World Order Transition and the Fate of Multilateralism
China
Governance
International Relations
UN
USA
Global
Power
State Power
Abstract
In the post-World War II years, multilateral policies towards trade, finance, security, and de-colonization have been made by a set of institutions (IMF, WB, GATT, and UN) created by the coalition of the world war victorious states under the leadership of the United States. Multilateralism was the brand-new way of making and implementing world public, i.e. applying to all, policies with the support of states bearing different values and interests under the leadership of the United States and its western allies.
The fate of multilateralism is questioned today. The Section invites researchers to confront their studies about the fortunes and failures of the post-war multilateral policies and to explain why these policies have lost effectiveness, relevancy, and adequacy. Such call is based on the finding that the erosions of the multilateral policies towards the problems considered as the main problems of the world come with the declining trajectory of the world order created by the United States and the Western countries and with the transformation of the environment (namely economy, technology, ideologies, cultures, and so on) encompassing the world political system. Today, those multilateral policies are at the lowest level of effectiveness in their history, while new problems such as climate change, mass migration, cybersecurity, to name a few, remain in the pipeline of the world policy-making process.

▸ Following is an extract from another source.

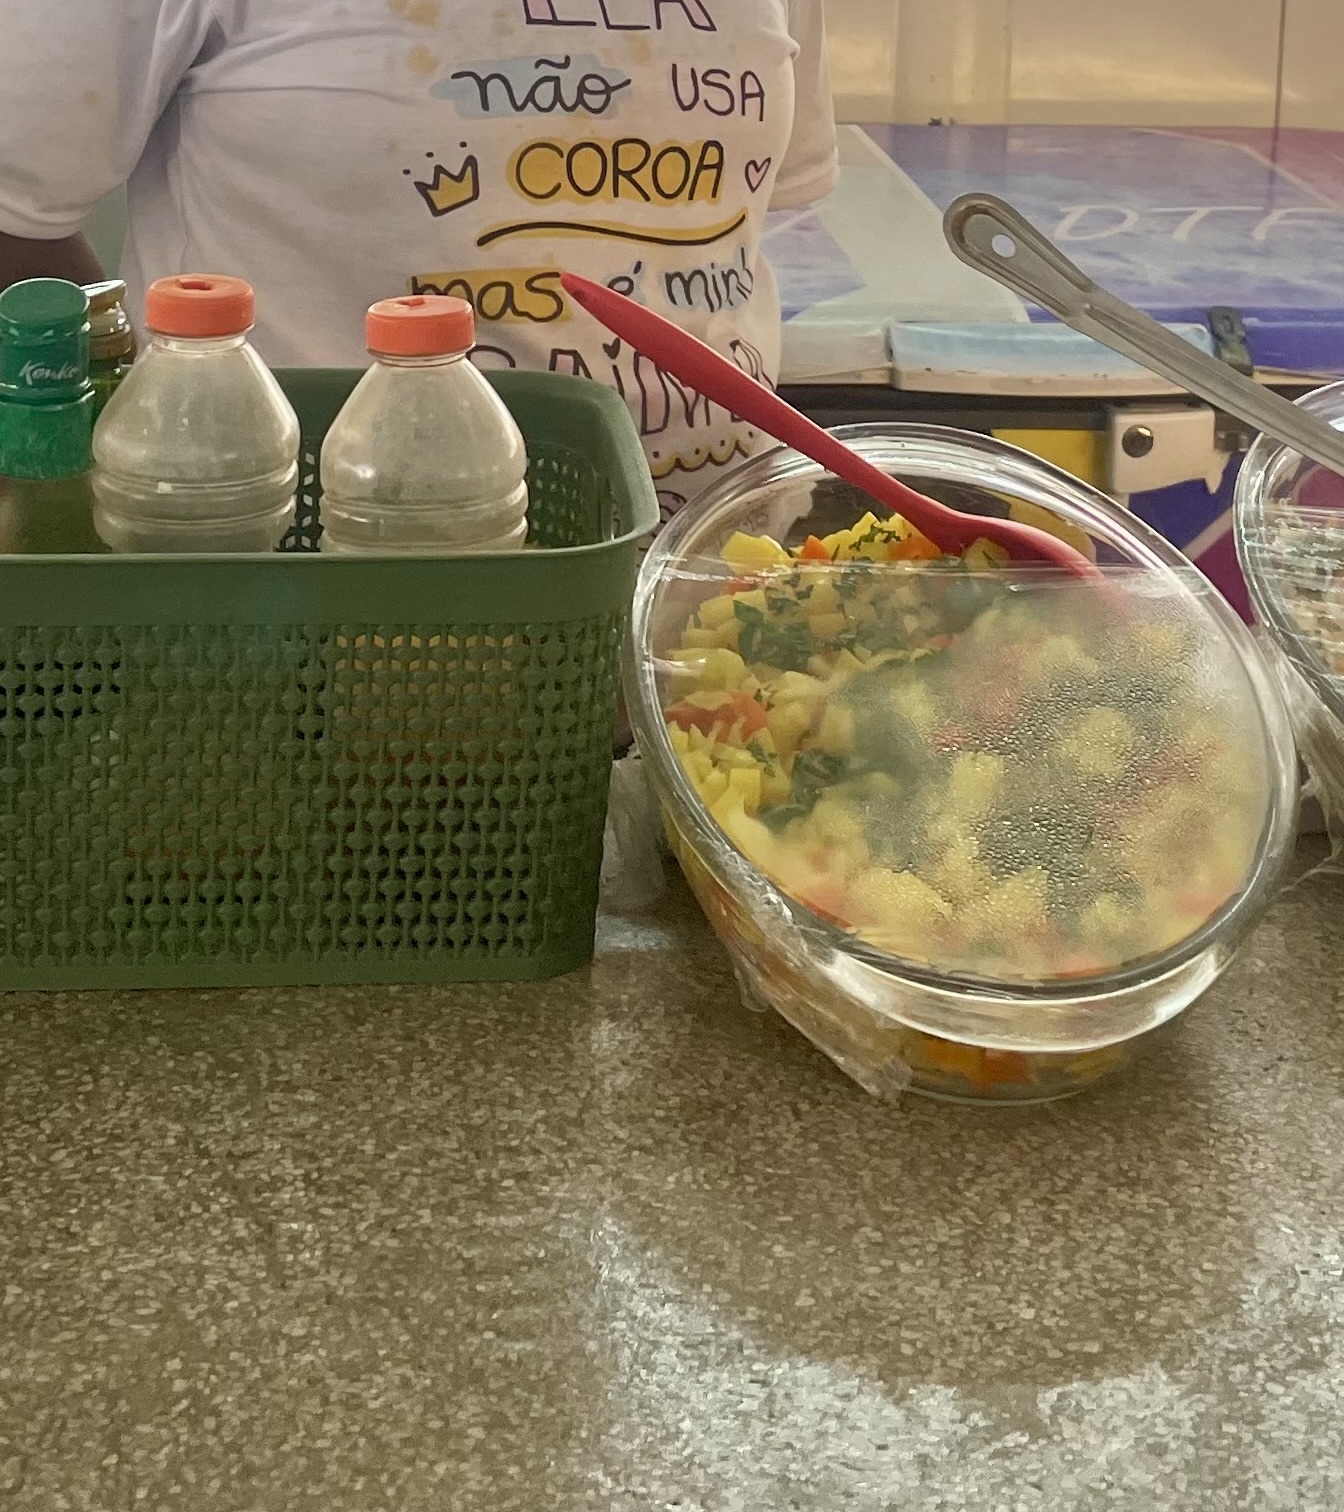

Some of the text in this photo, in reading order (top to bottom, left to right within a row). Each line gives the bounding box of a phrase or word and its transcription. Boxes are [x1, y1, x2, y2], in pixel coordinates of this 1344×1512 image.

Policymakers claim to resort again to multilateralism, but they fail to explain how to meet again the conditions for achieving the goal of making world policies through the multilateral mechanisms favouring coordination and cooperation. The future of multilateralism raises hard questions. The past experience of cohabitation and co-destiny of the US-led world order and the multilateral policies that rebuilt the world’s political life after World War II is under the challenges of the opposition and de-legitimation mounted by the revisionist states and non-state actors. This is the primary research object for generating scientific and practical knowledge about multilateral policymaking, which has been the best way to respond to world problems in the global society.
The optimistic view of policymakers and also the prescription of some scientists maintain that the present dis-order does not entail the power of the world policy-making institutions to make new multilateral policies. But, so far, no effort to make up multilateral policy responses to the collective problems of the world has achieved effective results. Should the decline of the world order entail the decay of the existing world policy-making institutions, the exit from the current world dis-order and the successful transition to the new world order are conditions to make new multilateral policies. The Section calls on political scientists to bring their research and knowledge on this most pressing issue in international relations to the discussion table as the world has entered a crossroads critical for world’s peace and prosperity at this moment, with the erosions of the current world order, dismantlement of multilateralism, and emergence of new alignments.